In the paper on 2007 it was said that intact but not dynamic microtubules are required in bottle cell apical construction, and that the function of microtubules was independent from actin or myosin. Based on these data can you elaborate on exactly what role you feel microtubules play in the process of bottle cell apical construction?
Both an overexpression of Xdd1 and an overexpression of Xdsh inhibited convergent extension, likewise inhibition of Xdsh disrupted convergent extension. If both inhibition and overexpression of Xdsh disrupts convergent extension, then what is the mechanism that controls/balances expression of Xdsh?

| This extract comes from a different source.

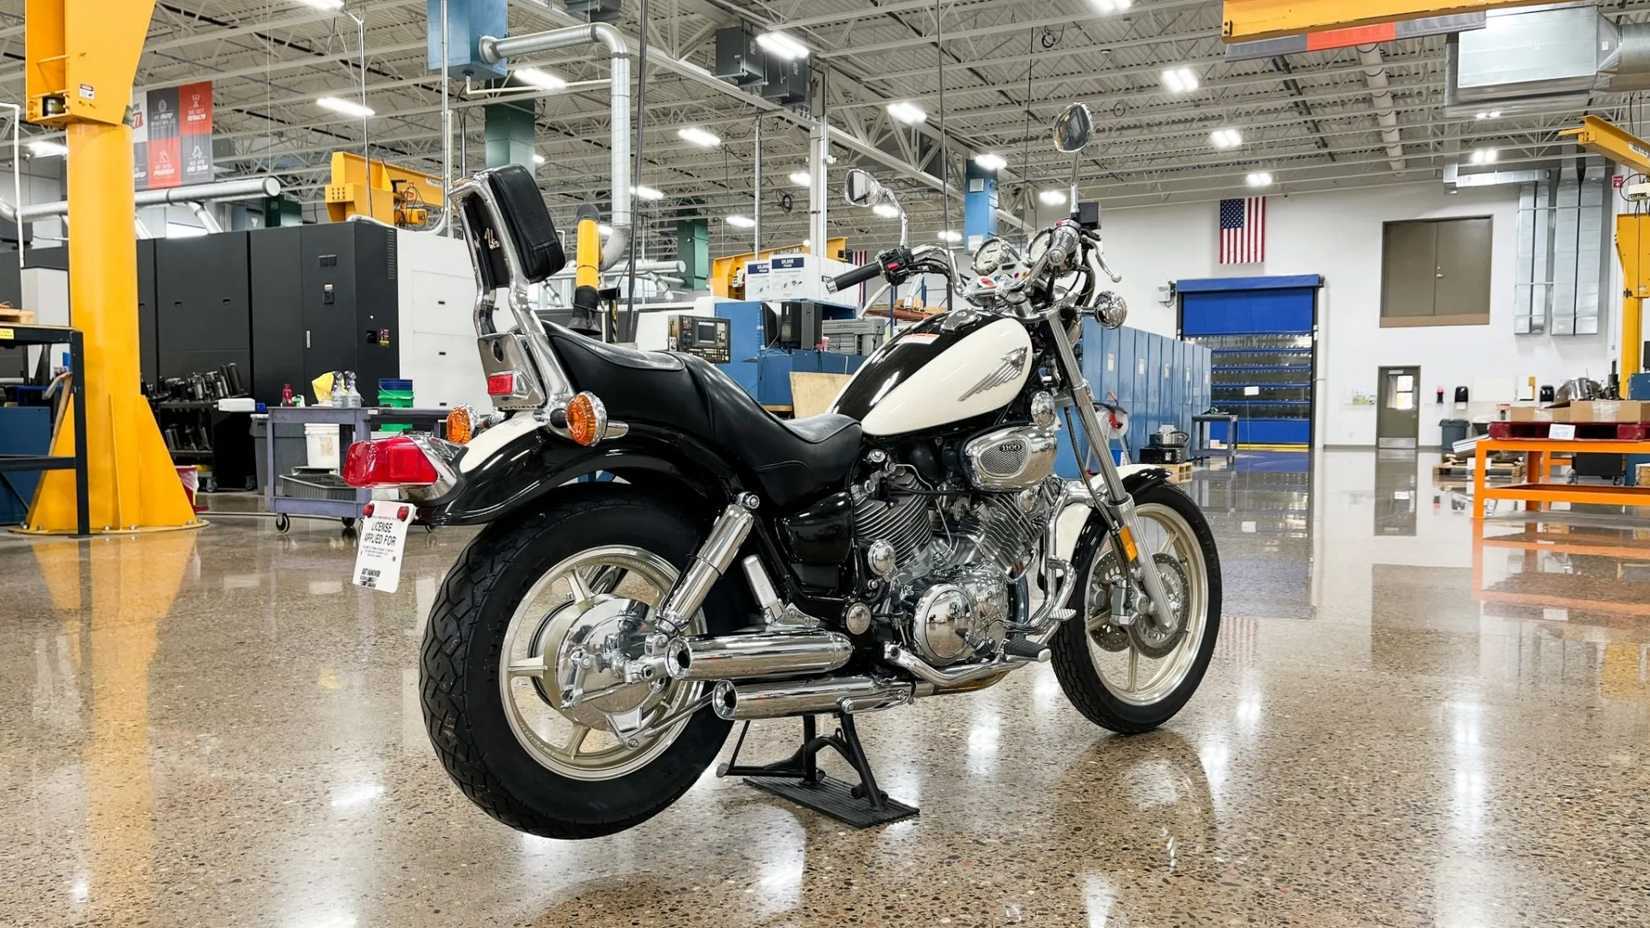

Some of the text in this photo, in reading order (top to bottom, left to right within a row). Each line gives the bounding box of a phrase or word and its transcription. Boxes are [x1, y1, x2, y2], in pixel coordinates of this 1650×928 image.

[371, 521, 393, 533] LICENSE
[364, 533, 397, 546] APPLIED FOR

What regulates the expression of Xwnt5a and Nxfz-8 in the dorsal mesoderm of Xenopus? Is it a negative feedback pathway that occurs relative to the level of integrin-extracellular fibronectin binding during convergent extension? Or do they exist in pre-established gradients?
In the letters to nature paper entitled “Dishevelled controls cell polarity during Xenopus gastrulation”, you write in the paper that overexpression of DN-GSK3 alone in the DMZ did not significantly affect convergent extension, but in the figure directly below which is an analysis of convergent extension including a comparison of control with DN-GSK3 cells, you write that “all differences shown are statistically significant (P< 0.01),” how do you reconcile these two claims with your overall findings?
The end of the article titled “Regulation of convergent extension in Xenopus by Wnt5a and Frizzled-8 is independent of the canonical Wnt pathway” mentions the possibility of calcium playing a role in controlling convergent extension. Has your lab researched this any further? What do you think initially triggers the calcium wave? Is it started by just one cell or a group of coordinated cells? Specifically how is Wnt5a leading to Calcium release?
Since Frizzled activates a PKC pathway (as shown in Figure 1 of the 2001 paper), leading to calcium release in the cell, is it possible that this pathway is responsible for activating the apical cell’s actomyosin cytoskeleton during bottle cell constriction?
How applicable are these models of convergent extension to mammals? Is there a DSH-like pathway operating in the gastrulation of Homo sapiens (mammals), and if so how does it compare and contrast to its role in Drosophila and Xenopus? And in line with this question, why do you think two Wnt pathways have evolved (canonical versus noncanonical)?
Currently in your opinion what are the most pressing questions in the field of gastrulation, and what steps is your lab taking to address those questions?